Tuesday, September 9, 2008

when do you get excited and how to decide

Assuming that we have a decision to make in this process  goes a bit  against the grain of the belief we have tried to maintain all along that the little soul that is supposed to incarnate into our lives will do so when and how he or she is good and ready.   Tell that to the part of our brains that thinks we actually have control or a say in this process.   I guess that is the same part of me that thought fertility treatments were a bit of a personal competition, where I would endure and ultimately prevail.  My  motto of "never let'em see you sweat" made sure that after each failed cycle,  I got up, dusted myself and went  straight into the next one, chin up, smile on my face and lips at the ready to say "it is not the worst thing that could happen to a woman".  I said that for every IVF cycle and the 2 donors.   Turning our hearts towards another way of creating our family wasn't easy when you operate from the belief that you can will something to happen by sheer perserverance. It was how I was raised.  I didn't want and some days still don't want to have gone quietly into that good night.  

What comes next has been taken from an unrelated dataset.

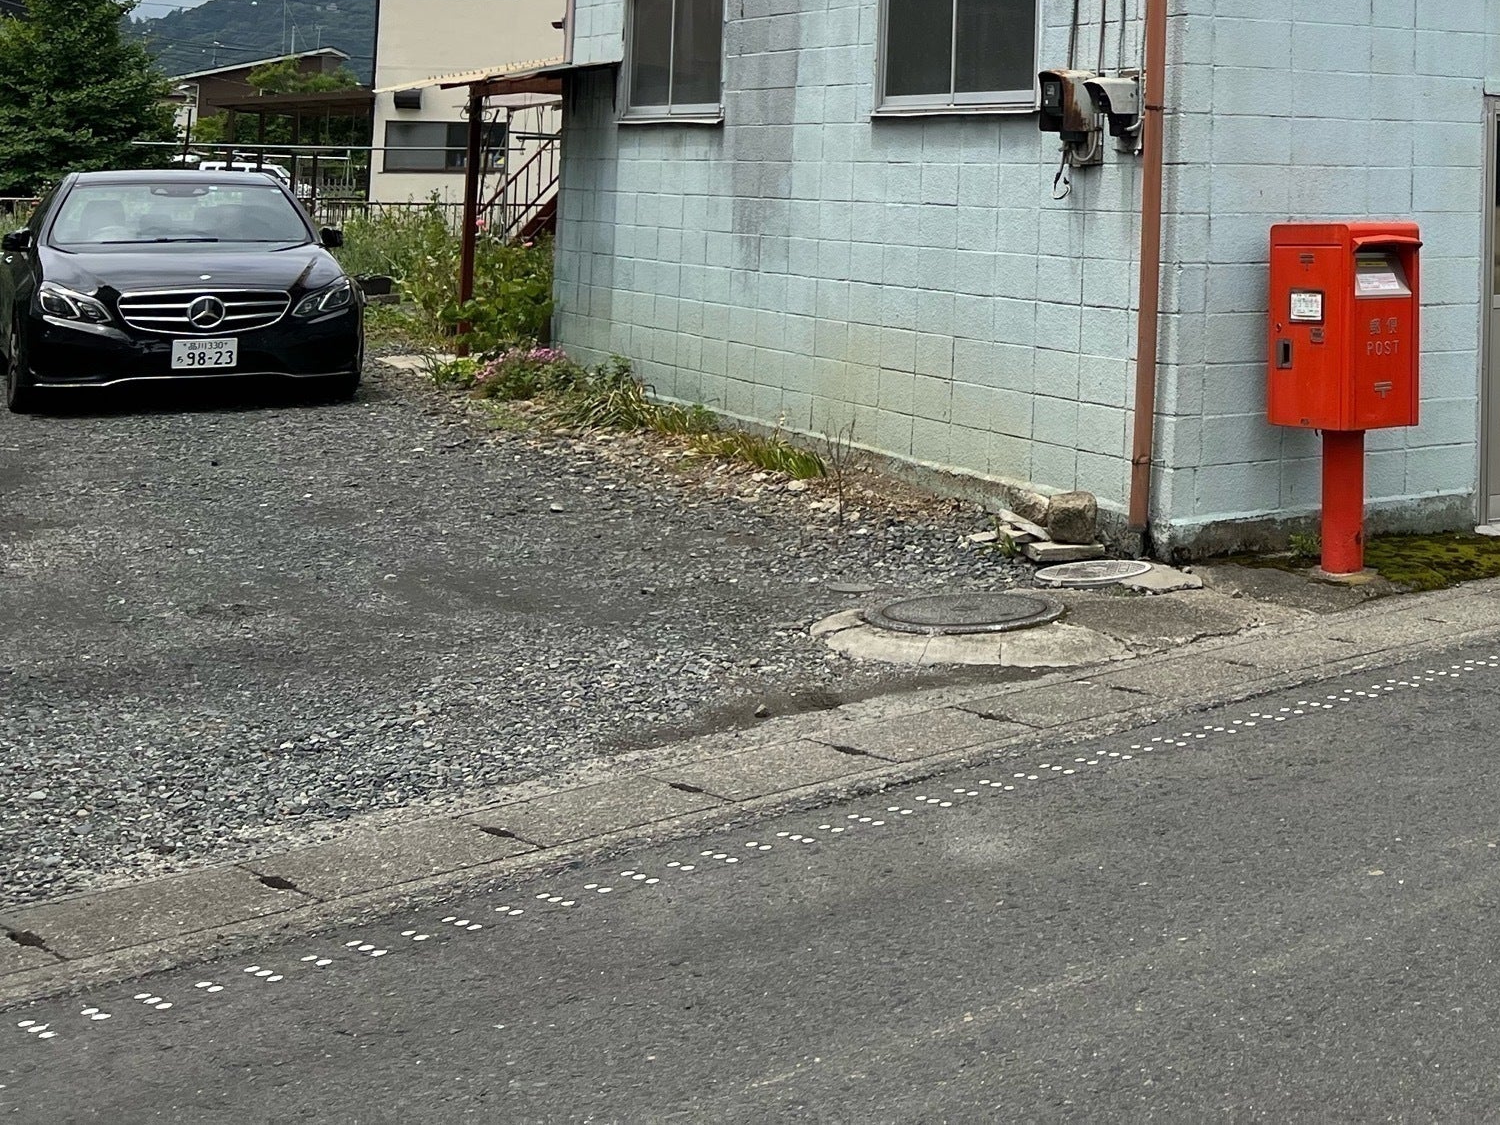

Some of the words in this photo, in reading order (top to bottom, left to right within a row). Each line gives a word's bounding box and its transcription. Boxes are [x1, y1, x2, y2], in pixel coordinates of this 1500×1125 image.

[1369, 317, 1398, 335] 郵便
[1367, 340, 1400, 356] POST
[186, 350, 234, 366] 98-23

Back to today, our ads have stopped running and some calls our still coming in.   We have sent our profile to 9 young women; I have had follow up conversations with 7 of them and I have imagined each of  these seemingly lovely women with a sad story  as the woman who would be on the other side of my becoming a momma.  I have promised each of them, their children would be raised in a home where they (their first moms) would always be talked of with respect and affection.  After every phone call no matter what they confess or tell me, I have nothing but compassion for them and excitement that they called us.  The reality of fate is anyone of us could be in her shoes.    Their pregnancies are anywhere between 8 weeks and 8 months pregnant.    Which leads me to how do you decide, do you just take the first one that comes along?  My brain says "yes" immediately,  But then my conscious, rational, problem solving mind thinks: what about K?  She seems so sweet and nice on the phone, I really like her and she's only 20, but she isn't due until next year....anything could happen between now and then....How do we know which one is carrying our child, the life for which we will ultimately take responsibility.

Today we told our attorney to put a lovely young woman who called in touch with another family.   She called here, she liked our ad, she called me this morning when she was having contractions, she had this number programmed into her phone and now I will not speak to her again.    I am sad about that.   

I guess that right there is the answer to when do you get excited?  I am excited now but trying hard not to get attached.